# Into Darkness Enterprise Modification Ideas



## Robman007 (Jan 23, 2013)

This thread is for folks who purchased the Into Darkness Enterprise (I can't seem to call it JJ-Prise...just sounds dumb) to post ideas and plans on modifications to the kit. It can be stratch built, paint job ideas, alternate decal work..anything.


My kit comes in the mail in a few days, but I'm already planning some cool little cosmetic changes. I'm currently working on a 1/350 Refit, so I have access to pearlescent paints, so I planned on painting the model the same way as the refit. I also toyed with adding either two "NCC-1701" decals to the sides of the underside of the primary hull or a "NCC-1701" and "Enterprise" to the underside front and back like the refit, as well as doing a hardback paint job, like the refit, along the deflector housing.

Also, has anybody made a custom decal to fix the curved 7 on the decal sheet?


----------



## charonjr (Mar 27, 2000)

Well, two things need to be modified. Make that three. The saucer top needs to be raised slightly at the outermost deflector ring. The refit has the raised lip more exaggerated than the original, but it is there on the original. The warp pylon join at the warp pod needs an adapter between it and the pod, the adapter tear shaped kinda like on Excelsior. And the four lower saucer maneuvering thrusters need to be repositioned onto the edge of the lower rim. Perhaps for molding in the detail, Revell put these on the flatter part of the lower saucer. Probably should have had these as separate molded pieces for gluing on.

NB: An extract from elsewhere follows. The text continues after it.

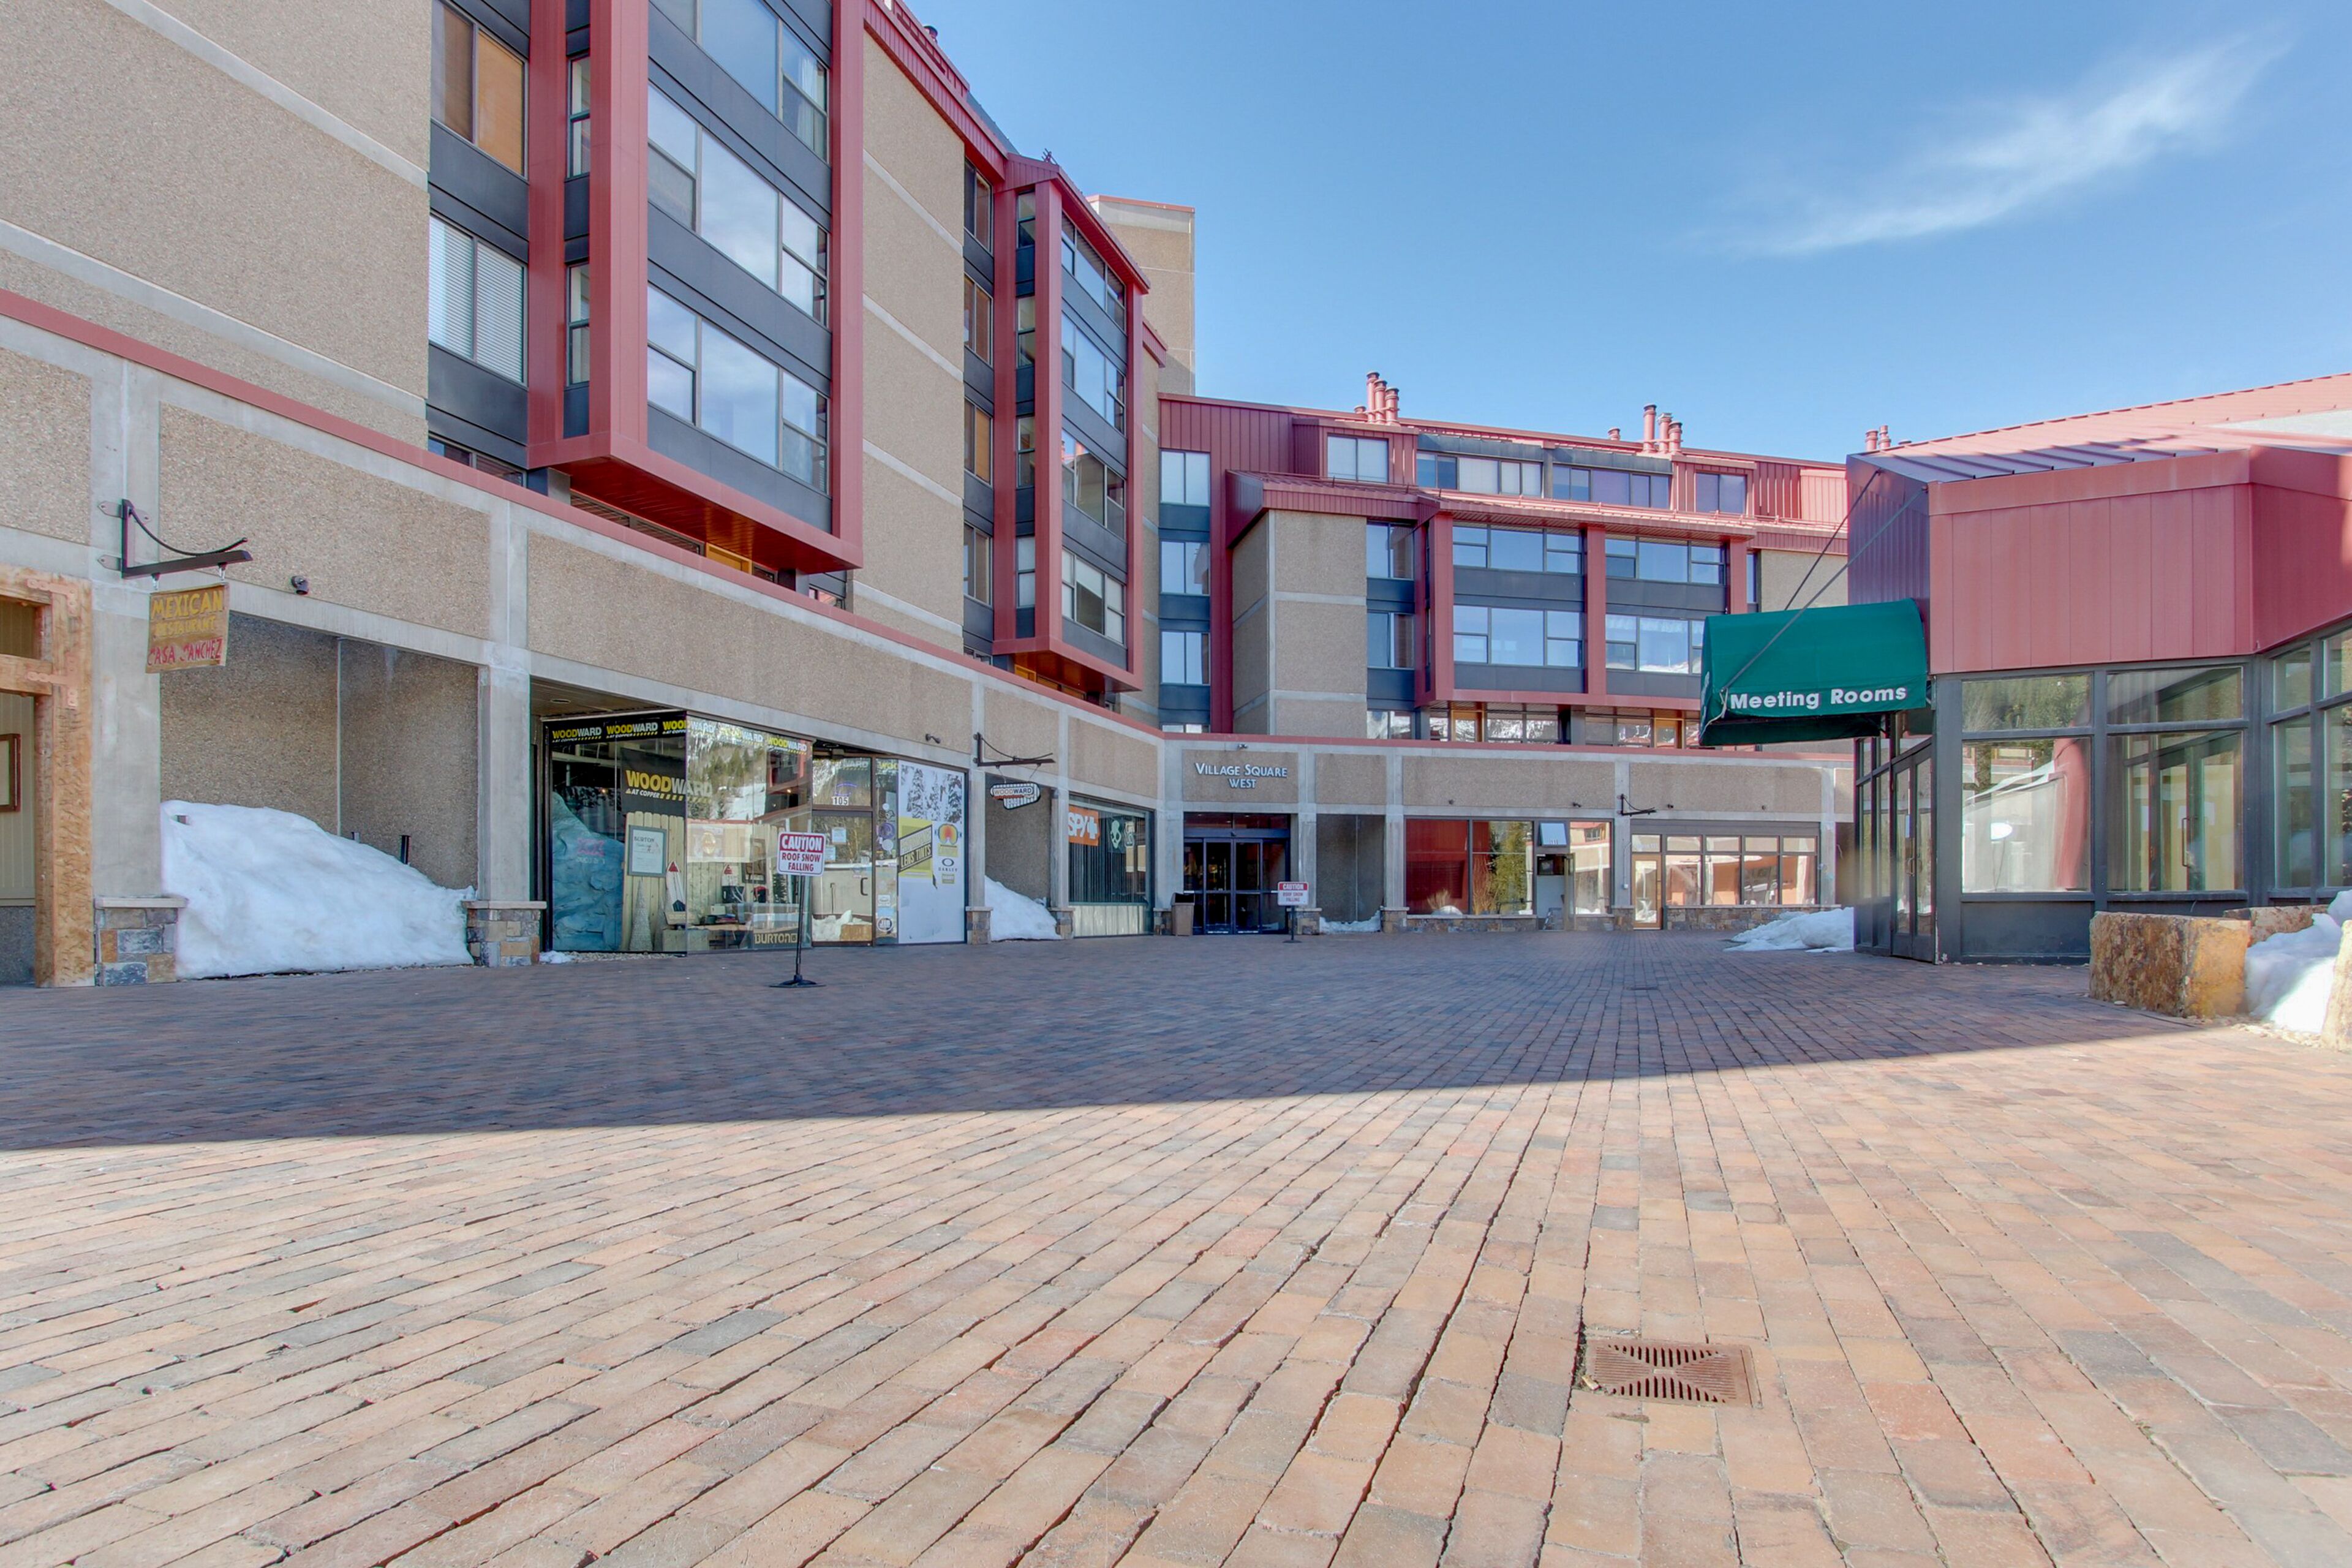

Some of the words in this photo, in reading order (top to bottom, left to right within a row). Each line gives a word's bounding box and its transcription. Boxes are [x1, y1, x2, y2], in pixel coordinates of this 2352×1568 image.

I would have liked to have seen a tree of refit parts, the new impulse deck, the four piece warp fins, the lighted areas just forward of the main nacelle vents, and the reshaped energy conduit running from the bridge to the impulse deck. Also spacers for increasing the lip height of the top saucer where the outer deflector ring is.

Something else: anyone notice that the refit bridge window now fills the entire depression in the front of the superstructure at the end of the 2013 film? Seeing the film four times, I noticed that the original bridge window, about half the depression height, was used throughout the film, like the 2009 film. Until the refit at the end....


----------



## Carl_G (Jun 30, 2012)

I think a warp engine lighting scheme like this concept art would be really cool:

http://i0.wp.com/inspimo.com/wp-content/uploads/2013/06/star_trek_01.jpg

No idea how you'd pull it off, though.  Maybe some kind of light tube held in place by a series of light-blocking spacers?


----------



## BARRYZ28 (Mar 3, 2007)

Uploaded with ImageShack.us

Something like this maybe.


----------



## Zombie_61 (Apr 21, 2004)

Or this:


----------



## Wattanasiri (Aug 15, 2010)

Zombie_61 said:


> Or this:


I learned to really like the ST: TMP Enterprise after a while and quickly came ti like the JJ Abrams reincarnation. However, nothing beats the original.


----------



## Zombie_61 (Apr 21, 2004)

Wattanasiri said:


> I learned to really like the ST: TMP Enterprise after a while and quickly came ti like the JJ Abrams reincarnation. However, nothing beats the original.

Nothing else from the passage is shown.